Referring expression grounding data
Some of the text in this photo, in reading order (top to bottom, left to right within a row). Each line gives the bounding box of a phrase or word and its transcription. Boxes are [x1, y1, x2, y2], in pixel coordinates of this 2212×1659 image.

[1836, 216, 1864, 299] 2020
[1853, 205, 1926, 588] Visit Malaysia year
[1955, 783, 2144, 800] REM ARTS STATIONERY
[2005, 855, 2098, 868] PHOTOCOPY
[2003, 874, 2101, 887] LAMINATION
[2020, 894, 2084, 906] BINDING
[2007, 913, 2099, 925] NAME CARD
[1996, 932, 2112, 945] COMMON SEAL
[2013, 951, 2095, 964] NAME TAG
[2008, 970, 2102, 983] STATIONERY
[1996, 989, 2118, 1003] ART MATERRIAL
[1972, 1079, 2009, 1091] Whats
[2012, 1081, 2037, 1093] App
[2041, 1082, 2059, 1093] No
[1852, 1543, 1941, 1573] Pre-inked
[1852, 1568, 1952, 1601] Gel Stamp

Try it:
Quote all the records exactly, please, leaving none out.

Exercise response:
Some of the text in this photo, in reading order (top to bottom, left to right within a row). Each line gives the bounding box of a phrase or word and its transcription. Boxes are [x1, y1, x2, y2], in pixel coordinates of this 2212×1659 image.

[1836, 216, 1864, 299] 2020
[1853, 205, 1926, 588] Visit Malaysia year
[1955, 783, 2144, 800] REM ARTS STATIONERY
[2005, 855, 2098, 868] PHOTOCOPY
[2003, 874, 2101, 887] LAMINATION
[2020, 894, 2084, 906] BINDING
[2007, 913, 2099, 925] NAME CARD
[1996, 932, 2112, 945] COMMON SEAL
[2013, 951, 2095, 964] NAME TAG
[2008, 970, 2102, 983] STATIONERY
[1996, 989, 2118, 1003] ART MATERRIAL
[1972, 1079, 2009, 1091] Whats
[2012, 1081, 2037, 1093] App
[2041, 1082, 2059, 1093] No
[1852, 1543, 1941, 1573] Pre-inked
[1852, 1568, 1952, 1601] Gel Stamp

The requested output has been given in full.